Тимей сообщает, что Демосфен и Никий не были казнены по приказу сиракузян, как утверждают Филист и Фукидид, но, предупрежденные Гермократом, воспользовались отсутствием караульных и покончили с собою, пока еще шло Народное собрание. Тела их были выброшены к воротам и лежали там, доступные взорам всех любопытствовавших. Мне приходилось слышать, что в Сиракузах, в одном из храмов, до сих пор показывают искусно отделанный золотом и пурпуром щит, якобы принадлежавший Никию.

29. Множество афинян погибло в каменоломнях от болезней и скверной пищи: им давали в день две котилы ячменя и котилу воды, но немалое их число, – те, кто был похищен или выдавал себя за раба, – было продано. Их продавали в рабство и ставили на лбу клеймо в виде лошади. Да, были и такие, кому вдобавок к неволе привелось терпеть еще и это. Но даже в такой крайности им приносило пользу чувство собственного достоинства и умение себя держать. Владельцы либо отпускали их на свободу, либо высоко ценили. А некоторых спас Эврипид. Дело в том, что сицилийцы, вероятно, больше всех греков, живущих за пределами Аттики, чтили талант Эврипида. Когда приезжающие доставляли им небольшие отрывки из его произведений, сицилийцы с наслаждением вытверживали их наизусть и повторяли друг другу. Говорят, что в ту пору многие из благополучно возвратившихся домой горячо приветствовали Эврипида и рассказывали ему, как они получали свободу, обучив хозяина тому, что осталось в памяти из его стихов, или как, блуждая после битвы, зарабатывали себе пищу и воду пением песен из его трагедий. Нет, стало быть, ничего невероятного в рассказе о том, что в Кавне какому-то судну сначала не позволяли укрыться в гавани от пиратов, а затем впустили его, когда после расспросов удостоверились, что моряки помнят наизусть стихи Эврипида.

30. В Афинах, как рассказывают, не поверили вести о беде, главным образом из-за того, кто эту весть принес. По-видимому, какой-то чужеземец сошел на берег в Пирее и, сидя у цирюльника, заговорил о случившемся, как о чем-то для афинян хорошо известном.

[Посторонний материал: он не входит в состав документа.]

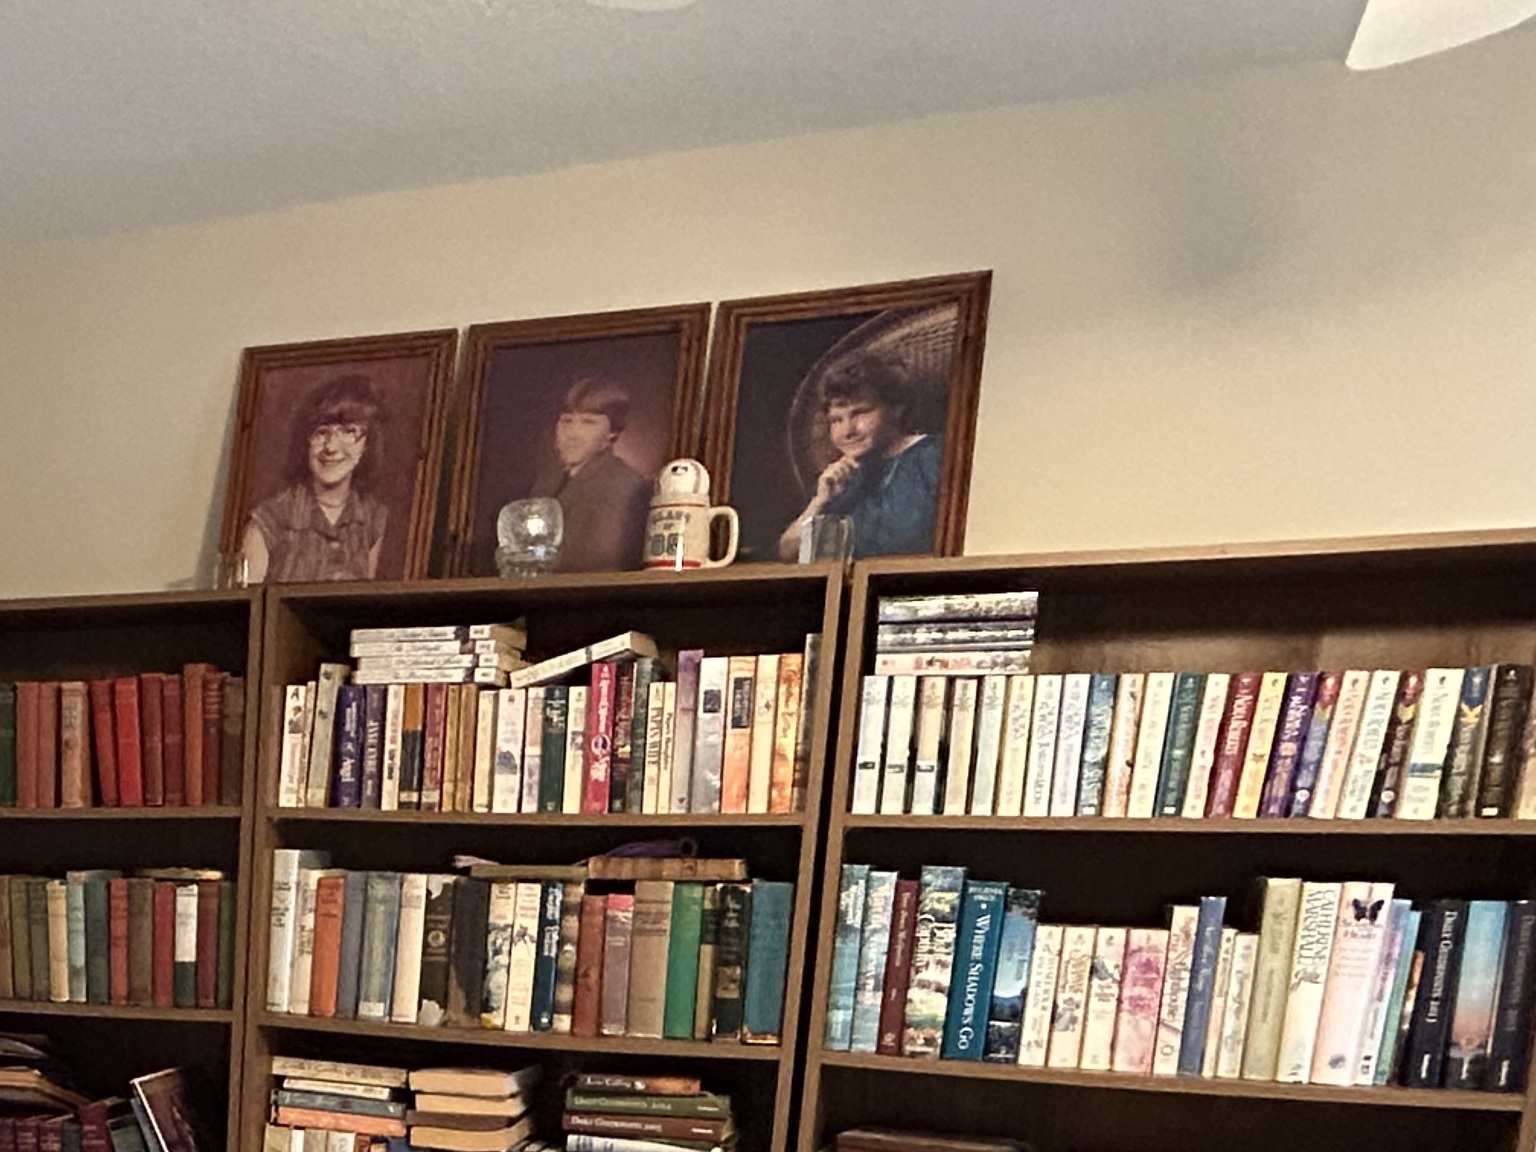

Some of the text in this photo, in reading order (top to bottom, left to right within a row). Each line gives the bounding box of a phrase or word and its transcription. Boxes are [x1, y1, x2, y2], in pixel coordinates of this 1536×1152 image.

[1232, 694, 1253, 718] NORA
[972, 915, 991, 960] WHERE
[962, 963, 982, 1024] SHADOWS

Выслушав его, цирюльник, пока еще никто ничего не узнал, помчался в город и, прибежав к архонтам, прямо на площади пересказал им слова чужеземца. Как и следовало ожидать, все были испуганы и смущены, архонты созвали Народное собрание и пригласили цирюльника. Он не смог ответить вразумительно на вопрос, кто сообщил ему эту новость. Его сочли выдумщиком и смутьяном и долго пытали, привязав к колесу, пока не прибыли люди, во всех подробностях поведавшие о несчастье. Лишь тогда афиняне поверили, что Никий на себе испытал то, о чем так часто их предупреждал.